June this year we had the release of Office 2000. Again, a leapfrog

development in terms of levels of file exchange and file interchange

for desktop productivity. Making it easy for you and I to use Excel,

Word, PPT and HTML file formats seamlessly across a TCP/IP or internet

backbone without wondering too much about conversions and so on.

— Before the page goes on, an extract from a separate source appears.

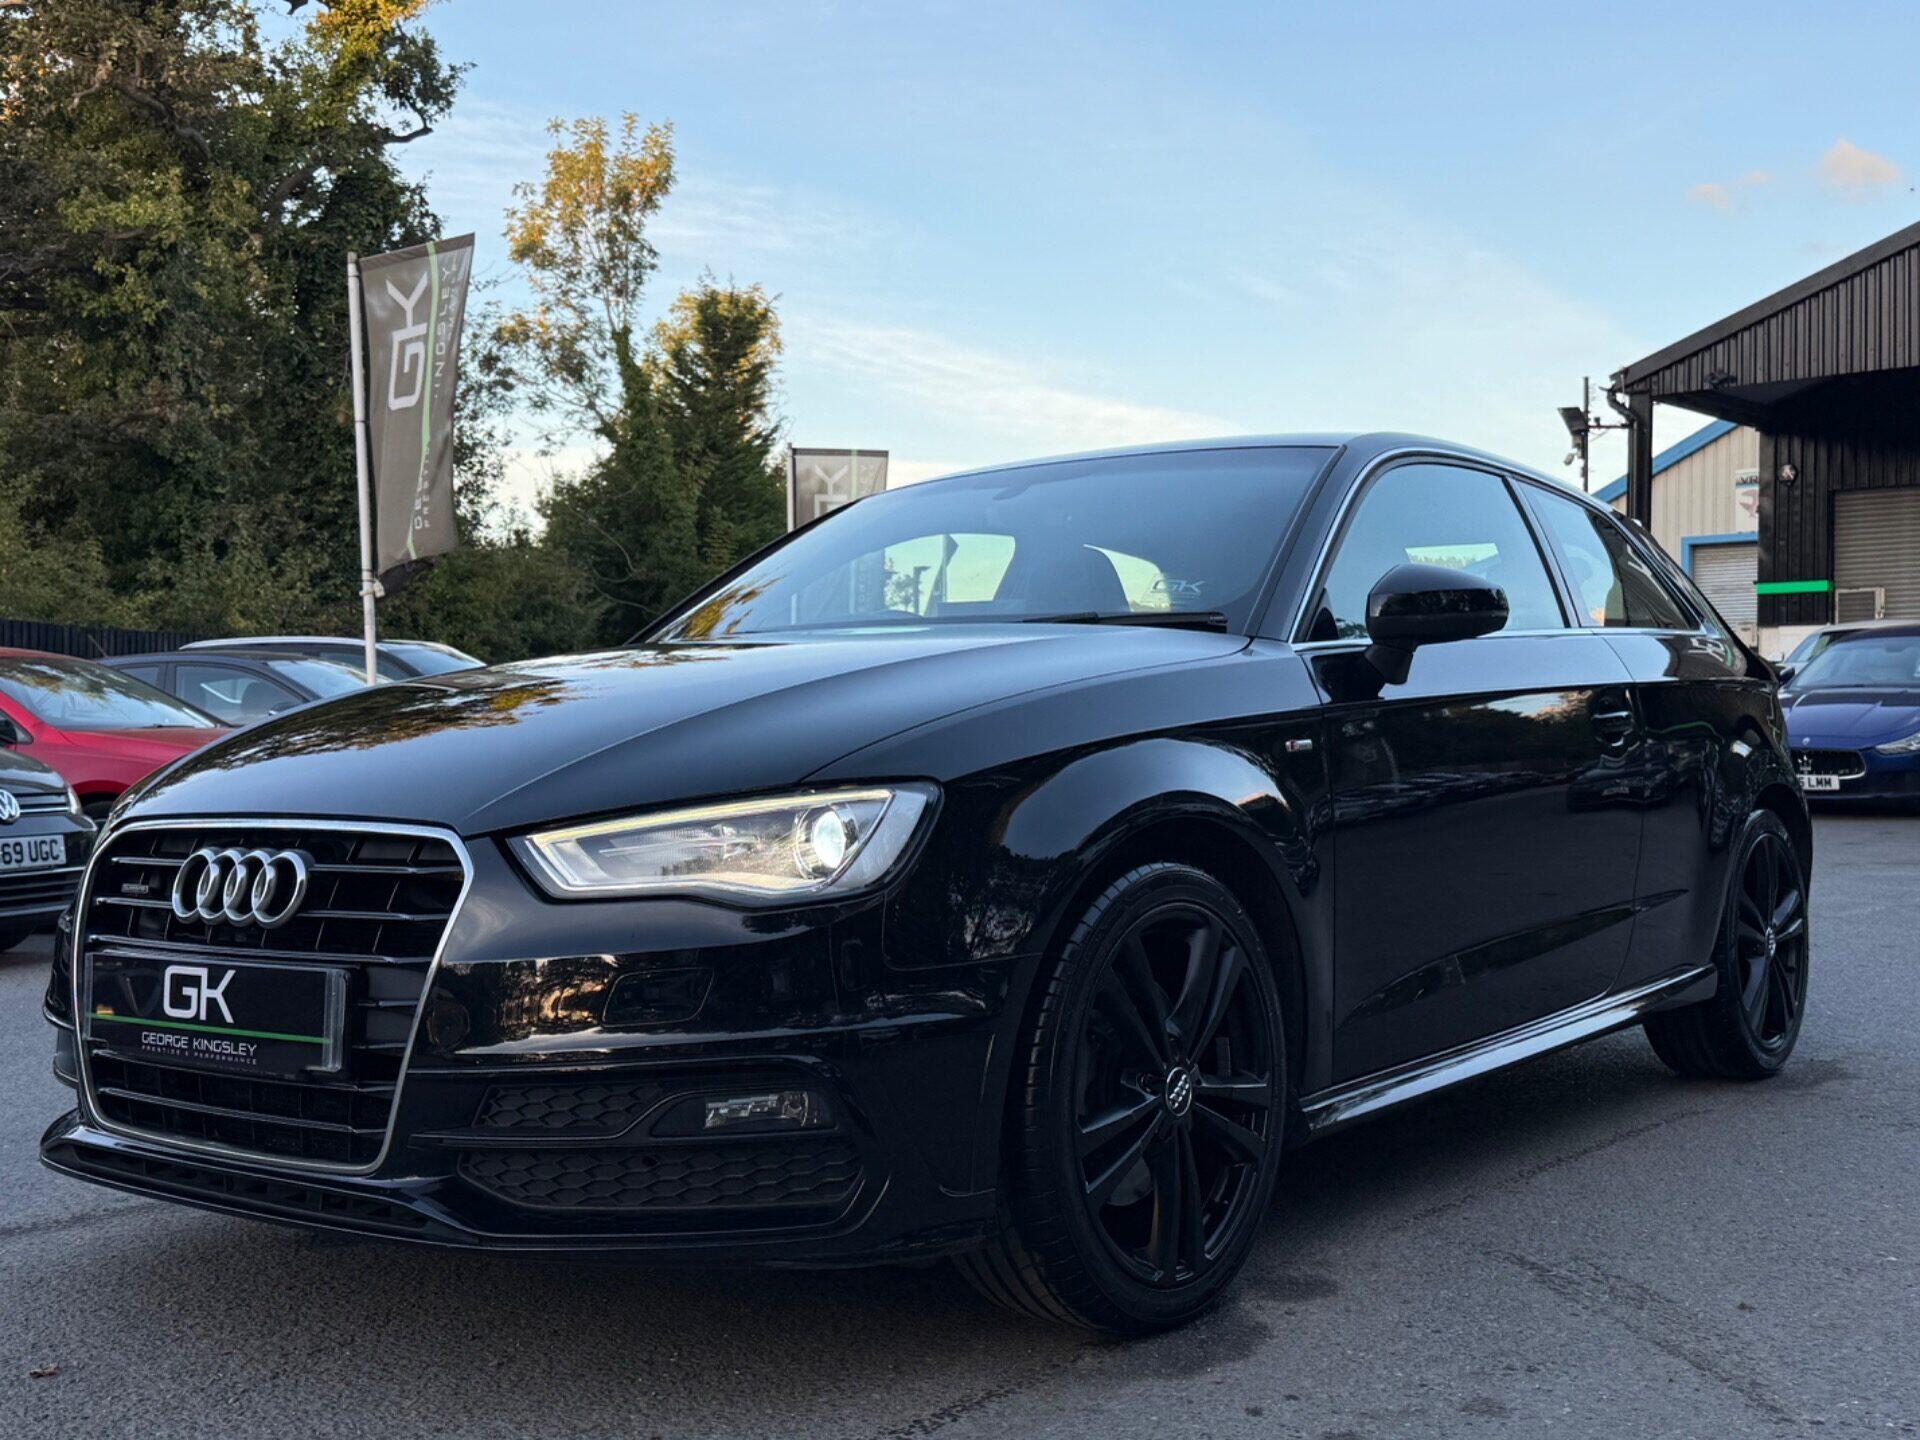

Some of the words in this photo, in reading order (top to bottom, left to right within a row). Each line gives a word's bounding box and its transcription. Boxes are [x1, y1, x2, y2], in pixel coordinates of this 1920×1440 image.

If this has not taken the wind out of us its because most multinationals

and Indian corporates are still catching their breath after transitioning

from Office 95 to Office 97.



But now there

was food for thought. In the months after Office 2000 and during

the mind numbing toils of DQ Top 20 in July and August, I struggled

to sharpen the focus on what was going on behind the scenes in the

workshops of software majors. I speculated with Microsoft employees

on Windows 2000. That it would unleash a framework of collaboration

across the web, putting client server applications and computing

forever to rest. And they smiled and said maybe, maybe, maybe.



And then there

was the pleasure of mySAP.com. First previewed to the Indian press

in October and officially launched across Asia at SAPphire in November-the

cat was now out of the bag, the wind gusting and sails unfurled.

I remember how I almost got off my seat at the preview, surprised

and demanding to know how these three products were so similar in

functionality and originality. And SAP had nodded-Yes, there is

a collaboration with Microsoft. And at SAPphire, Peter Zencke, architect

of mySAP.com, remarked at this question from me, "They are

all the same".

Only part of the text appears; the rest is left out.